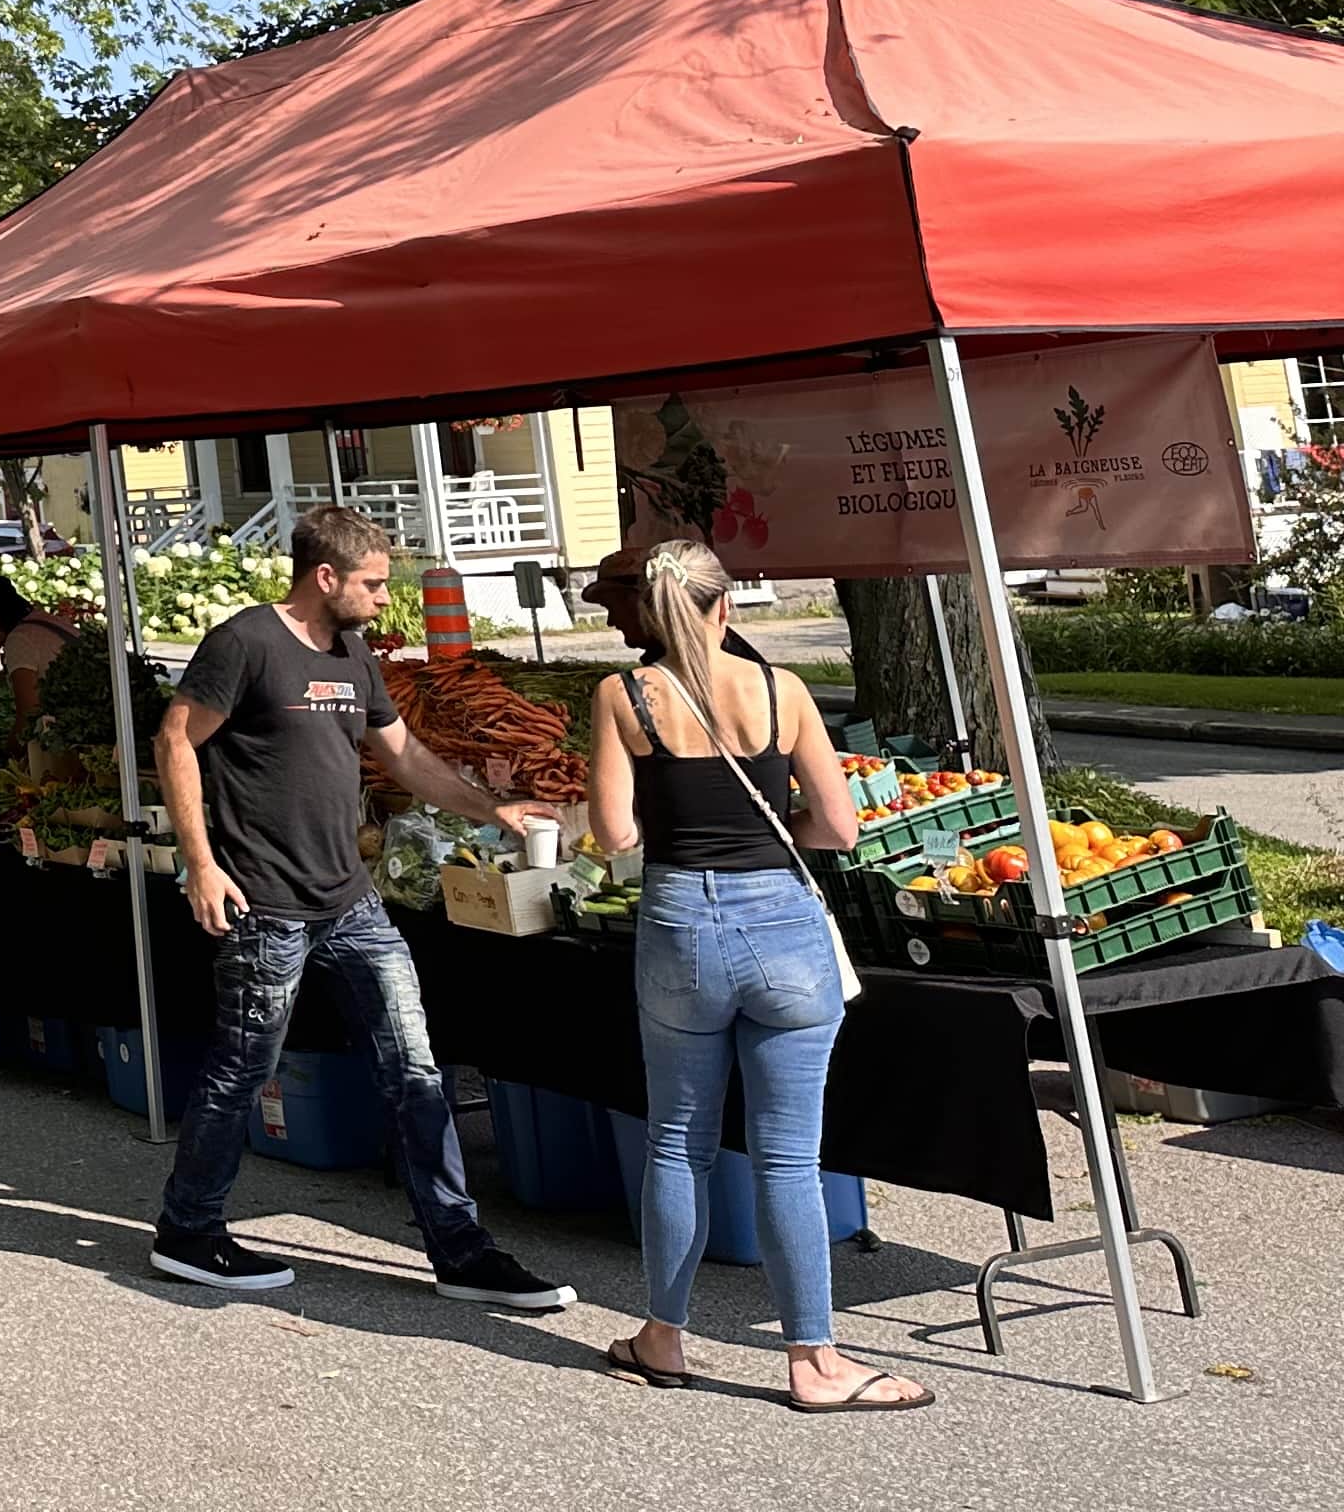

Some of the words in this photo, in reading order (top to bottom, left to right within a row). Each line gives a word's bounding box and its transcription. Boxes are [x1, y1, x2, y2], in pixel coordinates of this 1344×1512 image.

[846, 428, 947, 454] LÉGUMES
[851, 463, 876, 484] ET
[880, 458, 953, 482] FLEUR
[1029, 464, 1046, 478] LA
[1055, 456, 1143, 476] BAIGNEUSE
[837, 488, 956, 515] BIOLOGIQU
* * *
**What to produce:**
Every word of the material, and none of its pictures, should be set down again.

**Exercise output:**
Some of the words in this photo, in reading order (top to bottom, left to right within a row). Each line gives a word's bounding box and its transcription. Boxes are [x1, y1, x2, y2], in pixel coordinates of this 1344×1512 image.

[846, 428, 947, 454] LÉGUMES
[851, 463, 876, 484] ET
[880, 458, 953, 482] FLEUR
[1029, 464, 1046, 478] LA
[1055, 456, 1143, 476] BAIGNEUSE
[837, 488, 956, 515] BIOLOGIQU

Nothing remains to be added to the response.